[Saved data entries]
┌────────

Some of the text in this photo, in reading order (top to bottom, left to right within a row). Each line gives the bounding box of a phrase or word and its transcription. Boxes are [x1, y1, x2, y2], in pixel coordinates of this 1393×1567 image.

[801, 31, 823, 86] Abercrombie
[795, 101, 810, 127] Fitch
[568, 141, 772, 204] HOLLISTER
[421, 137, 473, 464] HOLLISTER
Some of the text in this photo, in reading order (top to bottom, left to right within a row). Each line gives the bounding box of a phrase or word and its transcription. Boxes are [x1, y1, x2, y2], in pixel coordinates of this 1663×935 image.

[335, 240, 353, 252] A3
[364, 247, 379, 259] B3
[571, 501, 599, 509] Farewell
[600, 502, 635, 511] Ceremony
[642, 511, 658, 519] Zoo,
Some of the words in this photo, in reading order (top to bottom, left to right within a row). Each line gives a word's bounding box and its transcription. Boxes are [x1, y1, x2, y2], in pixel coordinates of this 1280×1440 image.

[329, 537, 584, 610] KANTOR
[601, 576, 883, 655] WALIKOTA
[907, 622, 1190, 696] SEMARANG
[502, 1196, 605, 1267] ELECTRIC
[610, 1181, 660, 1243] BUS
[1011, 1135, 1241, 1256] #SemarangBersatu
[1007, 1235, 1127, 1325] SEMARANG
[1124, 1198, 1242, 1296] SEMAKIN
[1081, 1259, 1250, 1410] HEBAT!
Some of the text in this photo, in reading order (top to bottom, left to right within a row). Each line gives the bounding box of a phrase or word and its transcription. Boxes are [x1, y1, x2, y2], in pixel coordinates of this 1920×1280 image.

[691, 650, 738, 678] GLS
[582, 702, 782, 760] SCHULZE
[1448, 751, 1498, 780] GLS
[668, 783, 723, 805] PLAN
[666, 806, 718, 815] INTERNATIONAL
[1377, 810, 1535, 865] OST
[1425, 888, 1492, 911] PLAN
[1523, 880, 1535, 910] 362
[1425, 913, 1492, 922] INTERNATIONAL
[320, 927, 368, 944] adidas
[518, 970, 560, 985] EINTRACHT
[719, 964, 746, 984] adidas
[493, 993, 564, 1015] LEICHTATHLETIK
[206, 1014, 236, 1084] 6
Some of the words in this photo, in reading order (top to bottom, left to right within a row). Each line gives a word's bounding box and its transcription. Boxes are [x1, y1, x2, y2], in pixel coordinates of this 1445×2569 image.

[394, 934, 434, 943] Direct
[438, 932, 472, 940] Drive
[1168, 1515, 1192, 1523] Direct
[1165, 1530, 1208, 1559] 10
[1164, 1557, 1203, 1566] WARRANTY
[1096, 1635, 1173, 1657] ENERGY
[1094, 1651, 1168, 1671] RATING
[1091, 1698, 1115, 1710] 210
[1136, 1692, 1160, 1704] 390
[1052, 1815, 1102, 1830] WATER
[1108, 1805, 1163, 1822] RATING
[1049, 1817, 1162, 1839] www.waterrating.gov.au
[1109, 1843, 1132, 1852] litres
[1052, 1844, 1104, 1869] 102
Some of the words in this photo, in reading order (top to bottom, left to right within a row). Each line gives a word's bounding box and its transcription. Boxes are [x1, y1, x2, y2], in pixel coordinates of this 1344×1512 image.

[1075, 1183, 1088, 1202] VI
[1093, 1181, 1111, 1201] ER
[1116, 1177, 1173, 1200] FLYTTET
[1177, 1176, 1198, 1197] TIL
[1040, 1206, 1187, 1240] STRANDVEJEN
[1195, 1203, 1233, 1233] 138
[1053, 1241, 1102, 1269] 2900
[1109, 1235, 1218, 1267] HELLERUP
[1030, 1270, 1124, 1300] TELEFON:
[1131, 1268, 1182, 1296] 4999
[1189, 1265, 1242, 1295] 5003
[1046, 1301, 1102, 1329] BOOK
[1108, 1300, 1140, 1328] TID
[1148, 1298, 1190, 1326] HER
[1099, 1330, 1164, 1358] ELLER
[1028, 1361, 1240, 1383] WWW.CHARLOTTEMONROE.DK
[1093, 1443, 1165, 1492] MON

└────────

**EXERCISE BRIEF**: Please retype all of the records above exactly as they are.

**ANSWER SPACE**:
Some of the text in this photo, in reading order (top to bottom, left to right within a row). Each line gives the bounding box of a phrase or word and its transcription. Boxes are [x1, y1, x2, y2], in pixel coordinates of this 1393×1567 image.

[801, 31, 823, 86] Abercrombie
[795, 101, 810, 127] Fitch
[568, 141, 772, 204] HOLLISTER
[421, 137, 473, 464] HOLLISTER
Some of the text in this photo, in reading order (top to bottom, left to right within a row). Each line gives the bounding box of a phrase or word and its transcription. Boxes are [x1, y1, x2, y2], in pixel coordinates of this 1663×935 image.

[335, 240, 353, 252] A3
[364, 247, 379, 259] B3
[571, 501, 599, 509] Farewell
[600, 502, 635, 511] Ceremony
[642, 511, 658, 519] Zoo,
Some of the words in this photo, in reading order (top to bottom, left to right within a row). Each line gives a word's bounding box and its transcription. Boxes are [x1, y1, x2, y2], in pixel coordinates of this 1280×1440 image.

[329, 537, 584, 610] KANTOR
[601, 576, 883, 655] WALIKOTA
[907, 622, 1190, 696] SEMARANG
[502, 1196, 605, 1267] ELECTRIC
[610, 1181, 660, 1243] BUS
[1011, 1135, 1241, 1256] #SemarangBersatu
[1007, 1235, 1127, 1325] SEMARANG
[1124, 1198, 1242, 1296] SEMAKIN
[1081, 1259, 1250, 1410] HEBAT!
Some of the text in this photo, in reading order (top to bottom, left to right within a row). Each line gives the bounding box of a phrase or word and its transcription. Boxes are [x1, y1, x2, y2], in pixel coordinates of this 1920×1280 image.

[691, 650, 738, 678] GLS
[582, 702, 782, 760] SCHULZE
[1448, 751, 1498, 780] GLS
[668, 783, 723, 805] PLAN
[666, 806, 718, 815] INTERNATIONAL
[1377, 810, 1535, 865] OST
[1425, 888, 1492, 911] PLAN
[1523, 880, 1535, 910] 362
[1425, 913, 1492, 922] INTERNATIONAL
[320, 927, 368, 944] adidas
[518, 970, 560, 985] EINTRACHT
[719, 964, 746, 984] adidas
[493, 993, 564, 1015] LEICHTATHLETIK
[206, 1014, 236, 1084] 6
Some of the words in this photo, in reading order (top to bottom, left to right within a row). Each line gives a word's bounding box and its transcription. Boxes are [x1, y1, x2, y2], in pixel coordinates of this 1445×2569 image.

[394, 934, 434, 943] Direct
[438, 932, 472, 940] Drive
[1168, 1515, 1192, 1523] Direct
[1165, 1530, 1208, 1559] 10
[1164, 1557, 1203, 1566] WARRANTY
[1096, 1635, 1173, 1657] ENERGY
[1094, 1651, 1168, 1671] RATING
[1091, 1698, 1115, 1710] 210
[1136, 1692, 1160, 1704] 390
[1052, 1815, 1102, 1830] WATER
[1108, 1805, 1163, 1822] RATING
[1049, 1817, 1162, 1839] www.waterrating.gov.au
[1109, 1843, 1132, 1852] litres
[1052, 1844, 1104, 1869] 102
Some of the words in this photo, in reading order (top to bottom, left to right within a row). Each line gives a word's bounding box and its transcription. Boxes are [x1, y1, x2, y2], in pixel coordinates of this 1344×1512 image.

[1075, 1183, 1088, 1202] VI
[1093, 1181, 1111, 1201] ER
[1116, 1177, 1173, 1200] FLYTTET
[1177, 1176, 1198, 1197] TIL
[1040, 1206, 1187, 1240] STRANDVEJEN
[1195, 1203, 1233, 1233] 138
[1053, 1241, 1102, 1269] 2900
[1109, 1235, 1218, 1267] HELLERUP
[1030, 1270, 1124, 1300] TELEFON:
[1131, 1268, 1182, 1296] 4999
[1189, 1265, 1242, 1295] 5003
[1046, 1301, 1102, 1329] BOOK
[1108, 1300, 1140, 1328] TID
[1148, 1298, 1190, 1326] HER
[1099, 1330, 1164, 1358] ELLER
[1028, 1361, 1240, 1383] WWW.CHARLOTTEMONROE.DK
[1093, 1443, 1165, 1492] MON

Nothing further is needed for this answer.